The idea to enter the competition came in May. Ryan Asdourian, a senior project manager on the Windows team, decided to form a Microsoft Flugtag team and sent out an e-mail to several internal group aliases to gauge interest. After an evening of pizza, beer and energy drinks, the Windows Project Phoenix team numbered eight– three engineers, four “draft horses” who would push the plane off the flight deck, and one pilot with a history of daredevilry.

“I’ll do anything – skydiving, bungee jumping,” said Driesman, student audience marketing manager with Microsoft Education. “This is the next perhaps not logical but awesome step.”

The team spent two months designing and building the Phoenix in their “hangar,” a boathouse outside a coworker’s home on the shores of Lake Sammamish near Microsoft’s Redmond, Wash., campus. Under the direction of the project’s lead engineer Brian Lysak, a senior program manager on the Windows Ecosystem Team, the engineering team spent many Red Bull-fuelled late nights studying wing design and construction techniques. After starting with a couple dozen different designs, they settled on what became the Phoenix – a glider that could take off at running speed, said Mike Arntzen, a partner engagement manager on the Windows Ecosystem Team who holds a pilot’s license and served in the Australian Air Force.



Pilot Ali Driesman (center) listens to flight instructions from engineers Mike Arntzen (left) and Brian Lysak in the team’s “hangar,” a co-worker’s boathouse on Lake Sammamish near the Microsoft campus in Redmond, Wash.

“We’ve taken our best guesses aeronautically,” Arntzen said of the design before Saturday’s flight. “The theory at least is good. We’ll see.”

After iterating on the design through CAD programs and 3D models, the team was finally ready to start building the Phoenix six weeks ago. Lucas Brodzinski, program manager on the Windows Graphics team, remembers the exact moment the team leapt from drawing to reality – when he charged $1,000 worth of materials to his credit card.
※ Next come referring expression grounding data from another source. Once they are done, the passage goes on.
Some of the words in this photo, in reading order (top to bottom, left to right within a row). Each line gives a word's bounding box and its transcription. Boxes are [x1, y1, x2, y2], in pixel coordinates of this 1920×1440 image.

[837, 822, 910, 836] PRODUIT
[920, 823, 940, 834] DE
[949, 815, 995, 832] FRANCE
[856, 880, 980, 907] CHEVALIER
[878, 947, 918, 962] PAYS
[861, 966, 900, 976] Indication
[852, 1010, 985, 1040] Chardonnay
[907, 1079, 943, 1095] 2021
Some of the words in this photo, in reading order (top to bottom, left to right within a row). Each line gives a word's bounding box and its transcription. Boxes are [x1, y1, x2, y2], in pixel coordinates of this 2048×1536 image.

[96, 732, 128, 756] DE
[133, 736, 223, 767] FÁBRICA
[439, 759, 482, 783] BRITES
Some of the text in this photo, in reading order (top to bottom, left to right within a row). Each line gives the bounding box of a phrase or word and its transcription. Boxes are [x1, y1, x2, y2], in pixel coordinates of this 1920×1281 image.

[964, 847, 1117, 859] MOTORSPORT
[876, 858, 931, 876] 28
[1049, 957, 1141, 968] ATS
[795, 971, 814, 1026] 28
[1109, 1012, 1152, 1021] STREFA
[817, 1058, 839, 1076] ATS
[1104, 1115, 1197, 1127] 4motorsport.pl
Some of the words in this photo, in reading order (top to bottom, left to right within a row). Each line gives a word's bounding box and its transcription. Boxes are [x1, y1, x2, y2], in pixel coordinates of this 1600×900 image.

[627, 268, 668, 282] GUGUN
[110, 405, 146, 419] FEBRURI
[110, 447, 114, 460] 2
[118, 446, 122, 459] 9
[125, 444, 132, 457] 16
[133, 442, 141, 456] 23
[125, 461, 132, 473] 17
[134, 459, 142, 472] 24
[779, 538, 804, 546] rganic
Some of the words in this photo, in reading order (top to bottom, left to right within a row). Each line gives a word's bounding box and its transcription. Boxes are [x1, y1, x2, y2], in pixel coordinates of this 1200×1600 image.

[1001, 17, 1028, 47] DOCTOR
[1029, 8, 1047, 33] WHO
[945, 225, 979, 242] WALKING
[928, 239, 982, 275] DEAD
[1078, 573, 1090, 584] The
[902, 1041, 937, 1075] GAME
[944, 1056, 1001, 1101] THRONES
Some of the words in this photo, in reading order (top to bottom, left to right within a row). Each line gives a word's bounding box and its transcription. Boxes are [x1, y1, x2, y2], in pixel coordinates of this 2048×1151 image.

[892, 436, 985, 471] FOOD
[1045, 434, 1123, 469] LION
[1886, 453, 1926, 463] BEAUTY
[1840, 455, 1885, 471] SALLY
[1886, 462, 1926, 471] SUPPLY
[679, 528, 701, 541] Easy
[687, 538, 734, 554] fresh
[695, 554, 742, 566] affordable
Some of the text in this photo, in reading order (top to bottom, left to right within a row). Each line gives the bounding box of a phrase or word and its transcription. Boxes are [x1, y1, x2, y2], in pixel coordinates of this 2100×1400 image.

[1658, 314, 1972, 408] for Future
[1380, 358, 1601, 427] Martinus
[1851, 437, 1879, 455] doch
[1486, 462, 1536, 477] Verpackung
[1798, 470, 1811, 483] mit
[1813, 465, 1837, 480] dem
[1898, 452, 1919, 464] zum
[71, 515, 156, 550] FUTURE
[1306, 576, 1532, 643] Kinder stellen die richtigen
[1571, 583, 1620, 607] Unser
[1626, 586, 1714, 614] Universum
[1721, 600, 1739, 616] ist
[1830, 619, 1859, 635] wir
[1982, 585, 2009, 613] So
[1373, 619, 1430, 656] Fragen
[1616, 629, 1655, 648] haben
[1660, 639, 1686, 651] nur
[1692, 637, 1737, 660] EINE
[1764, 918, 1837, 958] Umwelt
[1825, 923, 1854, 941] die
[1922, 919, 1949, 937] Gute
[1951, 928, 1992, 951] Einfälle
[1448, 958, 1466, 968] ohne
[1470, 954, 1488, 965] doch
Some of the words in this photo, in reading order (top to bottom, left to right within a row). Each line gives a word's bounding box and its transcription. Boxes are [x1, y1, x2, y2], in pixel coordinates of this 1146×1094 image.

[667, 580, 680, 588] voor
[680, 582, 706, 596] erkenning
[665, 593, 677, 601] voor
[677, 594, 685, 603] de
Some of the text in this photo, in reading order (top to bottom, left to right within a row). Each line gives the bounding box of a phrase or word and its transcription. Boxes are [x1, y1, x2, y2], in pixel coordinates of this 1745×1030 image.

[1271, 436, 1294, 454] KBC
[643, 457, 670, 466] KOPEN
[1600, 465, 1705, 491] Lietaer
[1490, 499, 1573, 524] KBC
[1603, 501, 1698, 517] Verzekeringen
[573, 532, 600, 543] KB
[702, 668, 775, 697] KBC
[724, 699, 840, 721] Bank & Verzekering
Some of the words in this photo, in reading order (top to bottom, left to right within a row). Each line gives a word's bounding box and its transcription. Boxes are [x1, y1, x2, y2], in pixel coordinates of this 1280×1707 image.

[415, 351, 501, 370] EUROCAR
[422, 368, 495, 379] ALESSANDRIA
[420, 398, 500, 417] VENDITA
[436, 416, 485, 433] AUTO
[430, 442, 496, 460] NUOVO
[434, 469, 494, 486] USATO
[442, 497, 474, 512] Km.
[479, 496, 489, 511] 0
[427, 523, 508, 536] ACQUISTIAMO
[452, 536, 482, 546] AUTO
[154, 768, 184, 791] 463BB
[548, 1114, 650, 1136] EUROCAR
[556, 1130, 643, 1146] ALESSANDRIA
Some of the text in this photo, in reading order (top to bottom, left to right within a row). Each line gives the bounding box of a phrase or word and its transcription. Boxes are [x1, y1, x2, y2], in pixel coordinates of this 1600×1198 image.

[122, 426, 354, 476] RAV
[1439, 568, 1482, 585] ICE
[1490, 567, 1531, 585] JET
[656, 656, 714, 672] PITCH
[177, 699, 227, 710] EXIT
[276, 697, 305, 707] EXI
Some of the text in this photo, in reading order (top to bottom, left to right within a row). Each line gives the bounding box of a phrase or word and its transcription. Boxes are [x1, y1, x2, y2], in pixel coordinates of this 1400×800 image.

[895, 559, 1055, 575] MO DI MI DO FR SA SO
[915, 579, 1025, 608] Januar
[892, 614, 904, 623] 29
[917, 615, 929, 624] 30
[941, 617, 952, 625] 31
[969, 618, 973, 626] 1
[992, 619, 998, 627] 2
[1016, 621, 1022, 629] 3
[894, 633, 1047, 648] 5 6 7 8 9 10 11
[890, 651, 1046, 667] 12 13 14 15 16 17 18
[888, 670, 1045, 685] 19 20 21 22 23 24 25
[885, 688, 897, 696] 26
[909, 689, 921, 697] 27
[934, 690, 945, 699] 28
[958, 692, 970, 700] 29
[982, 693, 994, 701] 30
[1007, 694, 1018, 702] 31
Like the other engineers, Brodzinski had never built a plane before. But he had always dreamed of it. “I’ve been into aviation ever since I was a little kid, and I always wanted to a build remote-controlled airplane but never got around to actually doing it,” he said. “I did plenty of research, though, so I was ready.”

The engineers used some common model airplane materials to build the craft. Monokote, a strong, ultra-light heat shrink plastic film that comes in an array of colors, was wrapped over the plane’s frame (made up of old windsurf masts) in the Windows logo color scheme. A typical model airplane would need about one roll of Monokote; the Windows Phoenix required about 20, Lysak said.

The rest of the materials could be found at a Home Depot and a TAP Plastics, with the exception of the carbon fiber used to wrap around the center wing box, Lysak said. The team focused on keeping the craft super-lightweight; when they finally finished the Phoenix, it tipped the scales at 65 pounds, well below the 450 pound limit set by Red Bull.

Six days before the competition, members of the Windows Project Phoenix team expressed confidence as they put the finishing touches on their glider.

“It certainly looks like a plane, which is good enough for me,” Rudolph said, admiring the completed Phoenix.

“I’ll tell you this – it will definitely be in the air for a bit, and it will definitely hit the water. Beyond that, we’ll see,” Brodzinski replied.

He was right. And although it hit the water earlier than the team had hoped, the flight of the Windows Phoenix was a triumph in their eyes.

“Ultimately the flight might not have been a success, but the project was a total blowout success,” Brodzinski said. “We exposed people to the fun side of the Microsoft and Windows brand. Win or lose, we didn’t really care; we had a good time and people had a good time watching and cheering us on.”